Instructions for the task
Please give back, exactly as written, only the line containing "this 1600×899 image." and every line after it until the data below ends.

Task input
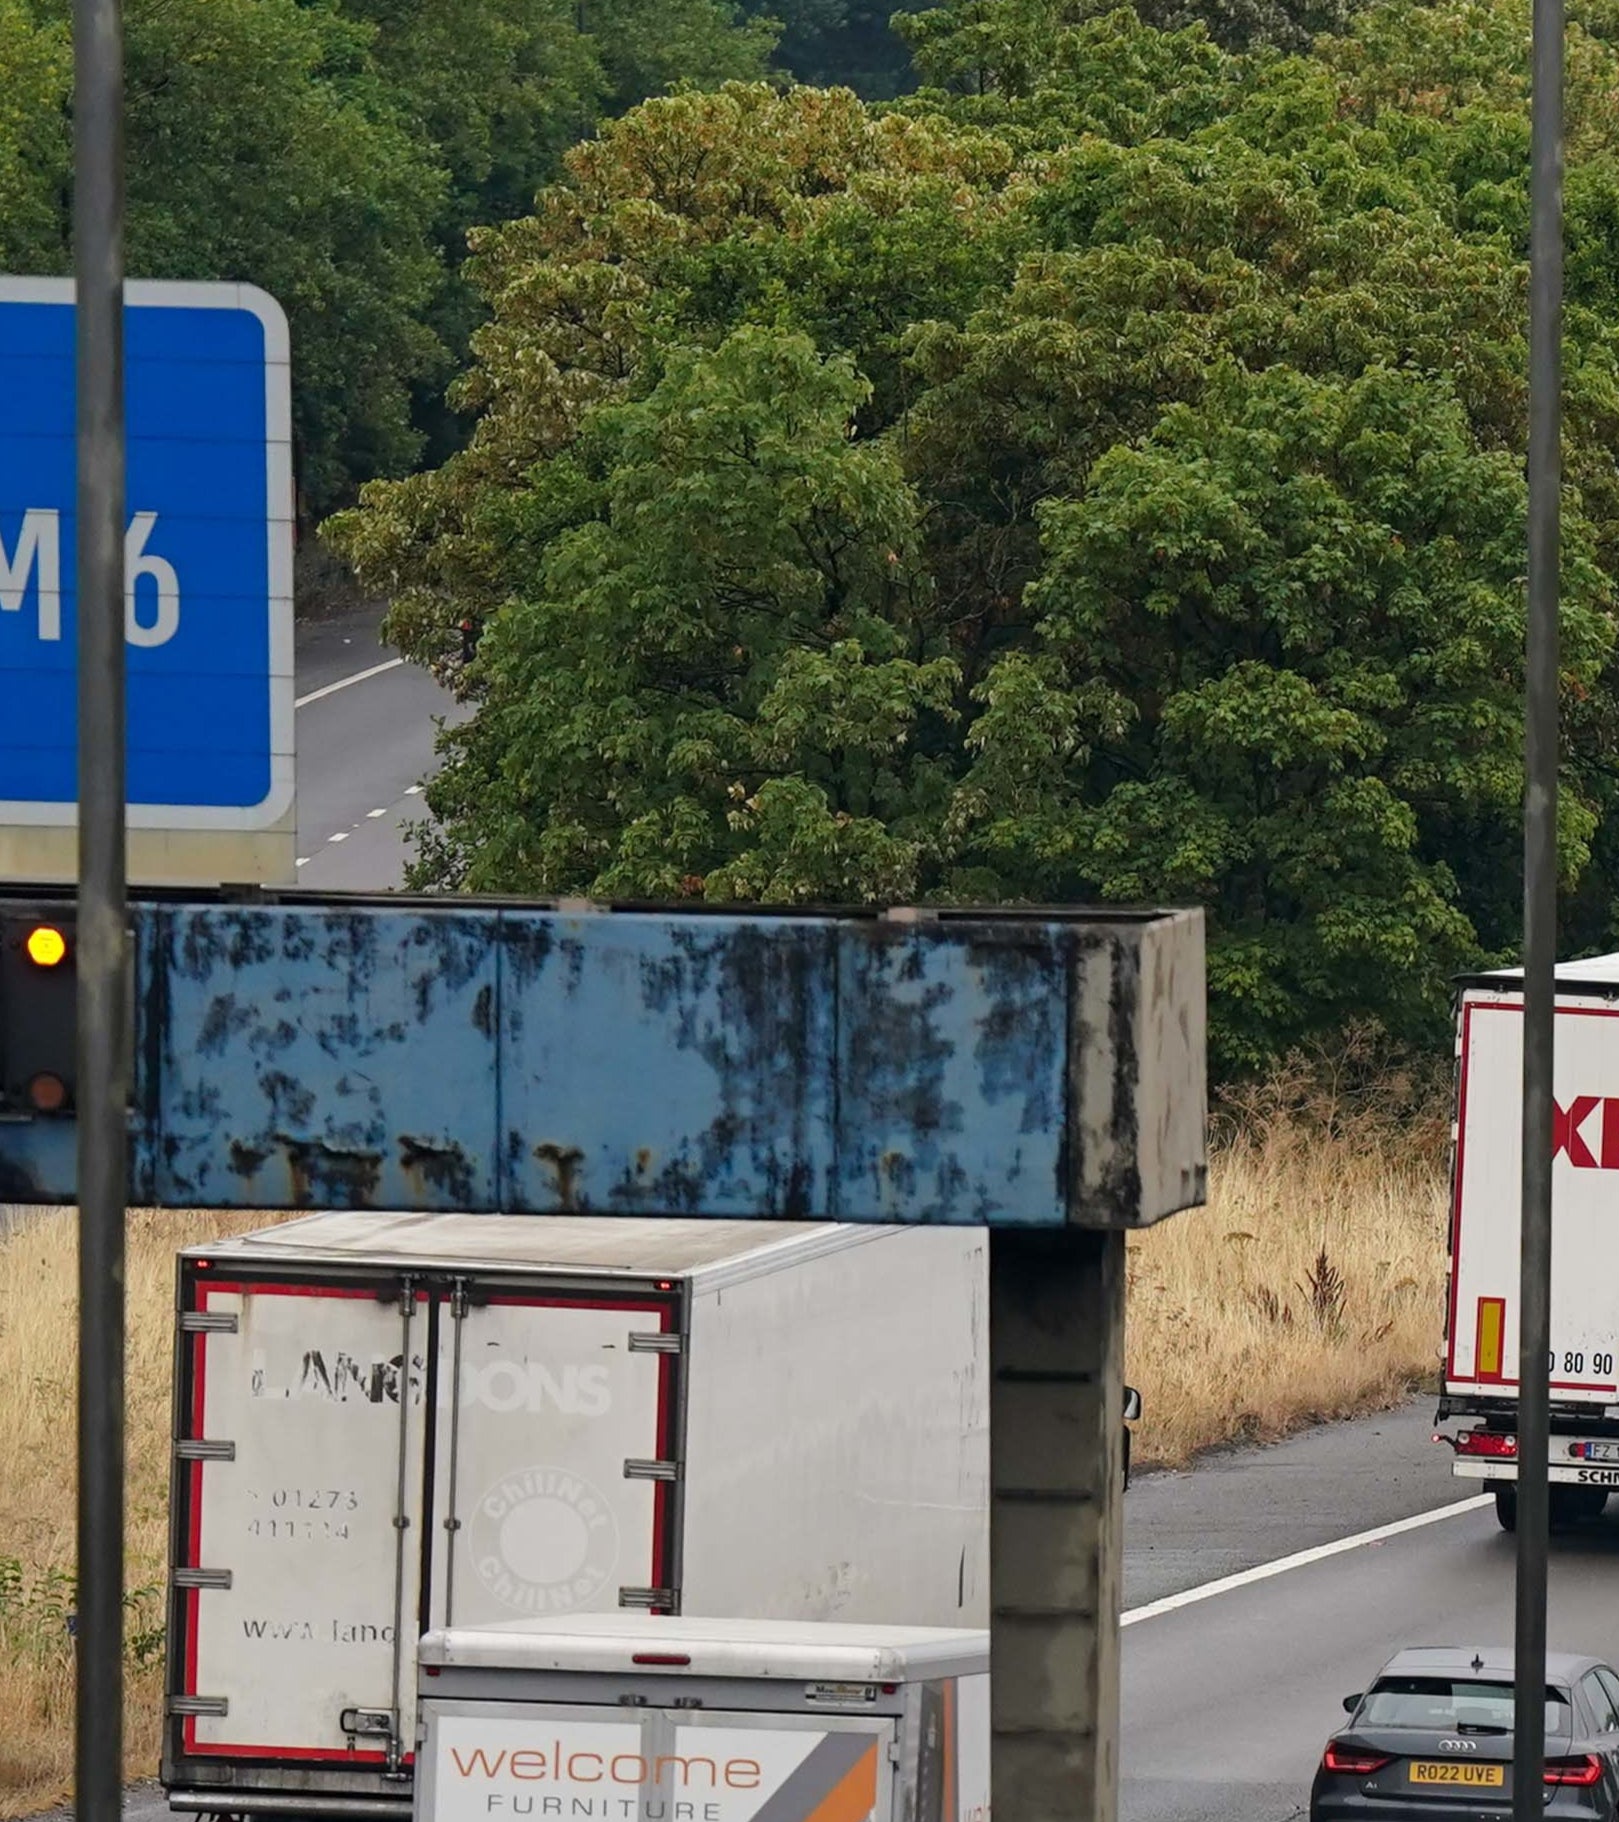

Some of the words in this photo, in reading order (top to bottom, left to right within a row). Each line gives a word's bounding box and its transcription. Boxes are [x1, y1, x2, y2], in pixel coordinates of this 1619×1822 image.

[1564, 1352, 1584, 1374] 80
[1592, 1353, 1613, 1375] 90
[451, 1740, 762, 1789] welcome
[1417, 1764, 1462, 1780] RO22
[1464, 1767, 1496, 1783] UVE
[487, 1794, 721, 1822] FURNITURE
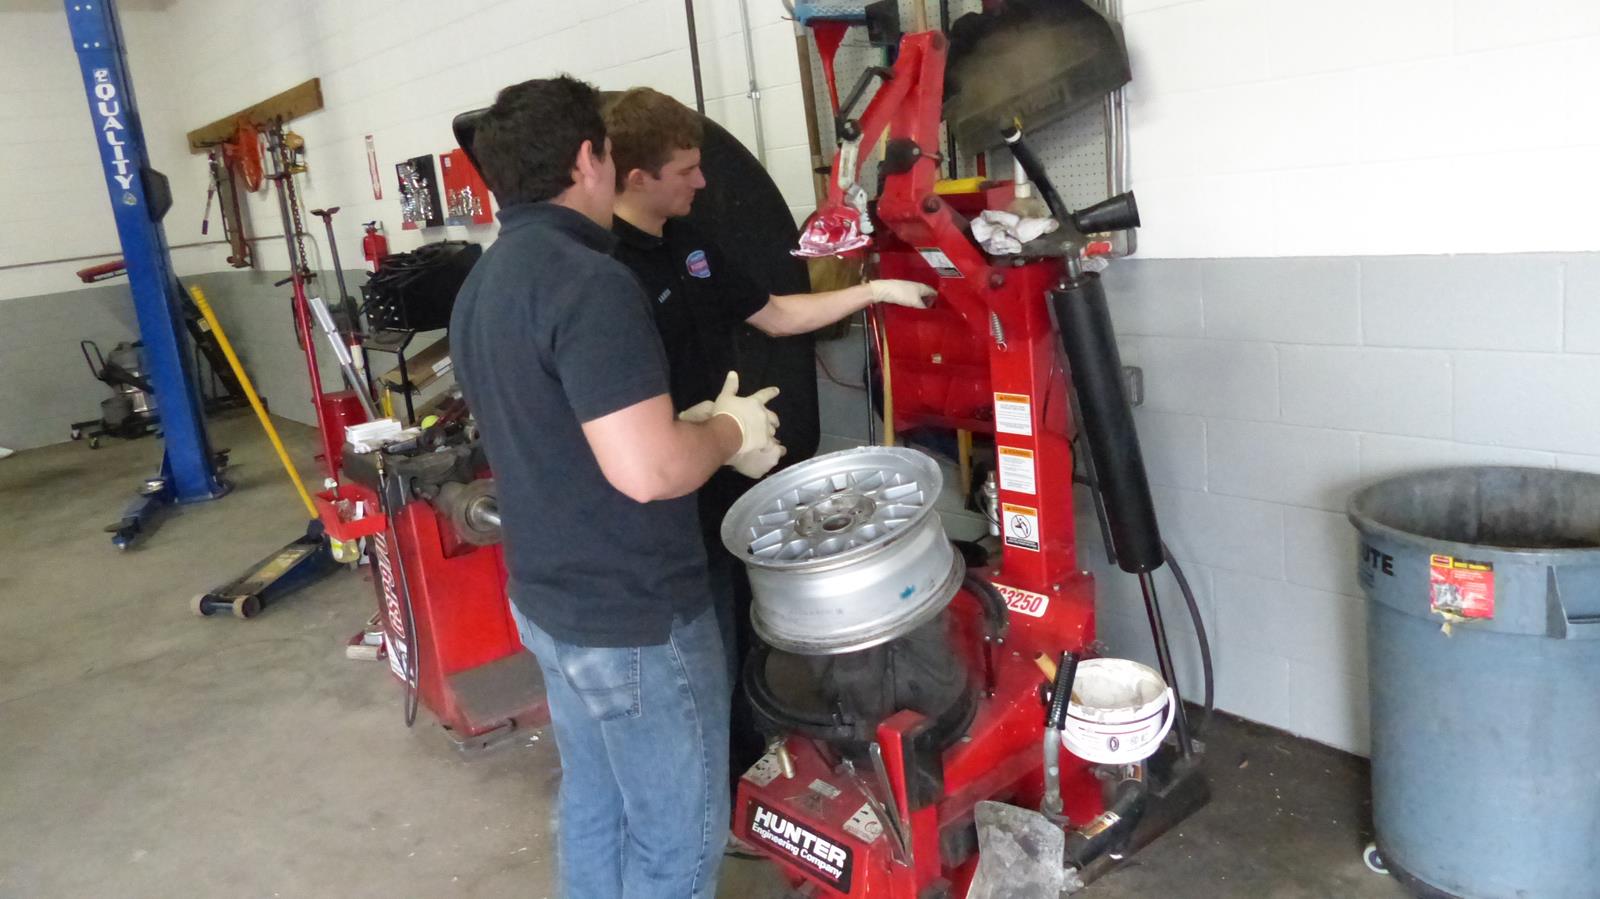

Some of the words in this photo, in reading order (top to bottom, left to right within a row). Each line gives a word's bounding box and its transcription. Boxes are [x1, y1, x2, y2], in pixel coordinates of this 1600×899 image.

[95, 83, 134, 189] QUALITY
[752, 823, 798, 856] Engineering
[800, 849, 842, 879] Company
[754, 806, 847, 868] HUNTER

Your response
Some of the words in this photo, in reading order (top to bottom, left to right within a row). Each line gives a word's bounding box and its transcription. Boxes are [x1, y1, x2, y2], in pixel coordinates of this 1600×899 image.

[95, 83, 134, 189] QUALITY
[752, 823, 798, 856] Engineering
[800, 849, 842, 879] Company
[754, 806, 847, 868] HUNTER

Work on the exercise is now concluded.